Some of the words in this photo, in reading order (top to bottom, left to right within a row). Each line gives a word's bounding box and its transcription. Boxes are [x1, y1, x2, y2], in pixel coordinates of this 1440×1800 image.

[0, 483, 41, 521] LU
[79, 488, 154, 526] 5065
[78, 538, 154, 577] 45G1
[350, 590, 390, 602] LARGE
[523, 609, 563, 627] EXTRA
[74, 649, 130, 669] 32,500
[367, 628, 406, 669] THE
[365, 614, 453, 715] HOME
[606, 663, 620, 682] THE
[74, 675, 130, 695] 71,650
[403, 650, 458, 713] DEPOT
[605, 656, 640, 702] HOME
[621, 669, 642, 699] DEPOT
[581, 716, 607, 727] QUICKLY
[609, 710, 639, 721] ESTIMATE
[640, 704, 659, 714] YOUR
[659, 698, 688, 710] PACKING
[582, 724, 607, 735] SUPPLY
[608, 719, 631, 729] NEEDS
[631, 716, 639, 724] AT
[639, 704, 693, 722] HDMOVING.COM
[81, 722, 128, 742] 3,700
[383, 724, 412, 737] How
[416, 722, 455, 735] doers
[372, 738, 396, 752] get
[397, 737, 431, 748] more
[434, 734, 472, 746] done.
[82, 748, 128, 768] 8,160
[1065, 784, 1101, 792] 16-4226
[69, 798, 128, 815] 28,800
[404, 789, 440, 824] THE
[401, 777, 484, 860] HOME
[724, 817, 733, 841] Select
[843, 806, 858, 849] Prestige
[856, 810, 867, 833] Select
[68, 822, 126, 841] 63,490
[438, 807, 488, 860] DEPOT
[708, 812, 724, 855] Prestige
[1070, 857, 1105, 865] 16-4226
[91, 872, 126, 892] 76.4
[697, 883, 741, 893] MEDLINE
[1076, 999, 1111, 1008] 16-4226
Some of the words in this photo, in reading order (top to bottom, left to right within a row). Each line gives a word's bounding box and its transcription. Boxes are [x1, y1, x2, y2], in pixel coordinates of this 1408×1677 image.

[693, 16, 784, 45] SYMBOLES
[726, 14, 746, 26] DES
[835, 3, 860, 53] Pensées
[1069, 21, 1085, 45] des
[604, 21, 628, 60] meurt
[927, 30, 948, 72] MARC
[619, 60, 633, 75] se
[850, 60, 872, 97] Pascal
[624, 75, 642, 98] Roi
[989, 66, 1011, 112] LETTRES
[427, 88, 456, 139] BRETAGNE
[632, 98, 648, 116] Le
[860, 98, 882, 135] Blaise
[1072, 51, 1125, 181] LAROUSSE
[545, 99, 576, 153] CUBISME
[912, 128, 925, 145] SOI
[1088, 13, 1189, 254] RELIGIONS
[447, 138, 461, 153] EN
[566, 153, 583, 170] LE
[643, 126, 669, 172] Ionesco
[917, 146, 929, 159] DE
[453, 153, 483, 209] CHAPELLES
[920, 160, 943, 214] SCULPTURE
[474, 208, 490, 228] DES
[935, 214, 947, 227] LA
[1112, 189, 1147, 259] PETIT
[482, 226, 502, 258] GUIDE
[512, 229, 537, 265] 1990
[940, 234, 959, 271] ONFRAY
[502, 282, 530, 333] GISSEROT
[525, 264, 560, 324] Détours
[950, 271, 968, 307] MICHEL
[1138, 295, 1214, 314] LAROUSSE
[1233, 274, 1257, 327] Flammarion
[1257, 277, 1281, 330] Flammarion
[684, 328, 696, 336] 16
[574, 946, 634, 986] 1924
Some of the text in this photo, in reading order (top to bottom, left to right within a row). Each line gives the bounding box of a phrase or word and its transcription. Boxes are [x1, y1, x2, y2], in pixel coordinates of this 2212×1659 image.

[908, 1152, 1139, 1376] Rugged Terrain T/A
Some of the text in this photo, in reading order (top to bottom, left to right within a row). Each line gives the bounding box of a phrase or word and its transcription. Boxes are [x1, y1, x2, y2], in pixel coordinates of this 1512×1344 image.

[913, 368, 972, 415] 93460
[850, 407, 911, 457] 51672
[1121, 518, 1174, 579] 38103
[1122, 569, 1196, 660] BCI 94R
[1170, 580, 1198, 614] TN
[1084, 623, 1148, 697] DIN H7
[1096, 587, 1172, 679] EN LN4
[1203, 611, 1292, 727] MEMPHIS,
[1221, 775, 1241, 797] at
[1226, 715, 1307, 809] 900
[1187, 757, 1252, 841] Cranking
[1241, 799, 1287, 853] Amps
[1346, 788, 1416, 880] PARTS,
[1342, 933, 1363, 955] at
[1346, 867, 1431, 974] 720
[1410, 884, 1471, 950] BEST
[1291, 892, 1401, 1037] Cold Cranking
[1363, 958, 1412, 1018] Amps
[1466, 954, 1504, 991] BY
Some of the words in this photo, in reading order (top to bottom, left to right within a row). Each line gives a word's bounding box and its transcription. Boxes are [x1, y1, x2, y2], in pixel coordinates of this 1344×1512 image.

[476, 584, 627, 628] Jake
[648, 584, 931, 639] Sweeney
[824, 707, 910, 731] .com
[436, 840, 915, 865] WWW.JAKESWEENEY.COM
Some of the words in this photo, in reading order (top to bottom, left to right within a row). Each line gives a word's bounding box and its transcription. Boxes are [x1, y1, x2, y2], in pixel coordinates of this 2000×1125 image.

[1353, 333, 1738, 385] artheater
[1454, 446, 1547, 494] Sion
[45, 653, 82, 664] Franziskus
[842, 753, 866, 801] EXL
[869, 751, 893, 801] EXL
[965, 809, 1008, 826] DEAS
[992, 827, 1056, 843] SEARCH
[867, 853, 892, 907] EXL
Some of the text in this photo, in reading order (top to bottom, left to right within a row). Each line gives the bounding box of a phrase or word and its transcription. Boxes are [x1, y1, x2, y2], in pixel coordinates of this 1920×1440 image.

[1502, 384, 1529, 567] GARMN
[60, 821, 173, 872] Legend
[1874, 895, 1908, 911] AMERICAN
■ ■ ■ ■ ■ ■ ■
- **Exercise**
From the line containing "this 2000×1125 image." down to the last line of the data above, copy every line exactly; leave out all other lines.

- **Response to the exercise**
Some of the words in this photo, in reading order (top to bottom, left to right within a row). Each line gives a word's bounding box and its transcription. Boxes are [x1, y1, x2, y2], in pixel coordinates of this 2000×1125 image.

[1353, 333, 1738, 385] artheater
[1454, 446, 1547, 494] Sion
[45, 653, 82, 664] Franziskus
[842, 753, 866, 801] EXL
[869, 751, 893, 801] EXL
[965, 809, 1008, 826] DEAS
[992, 827, 1056, 843] SEARCH
[867, 853, 892, 907] EXL
Some of the text in this photo, in reading order (top to bottom, left to right within a row). Each line gives the bounding box of a phrase or word and its transcription. Boxes are [x1, y1, x2, y2], in pixel coordinates of this 1920×1440 image.

[1502, 384, 1529, 567] GARMN
[60, 821, 173, 872] Legend
[1874, 895, 1908, 911] AMERICAN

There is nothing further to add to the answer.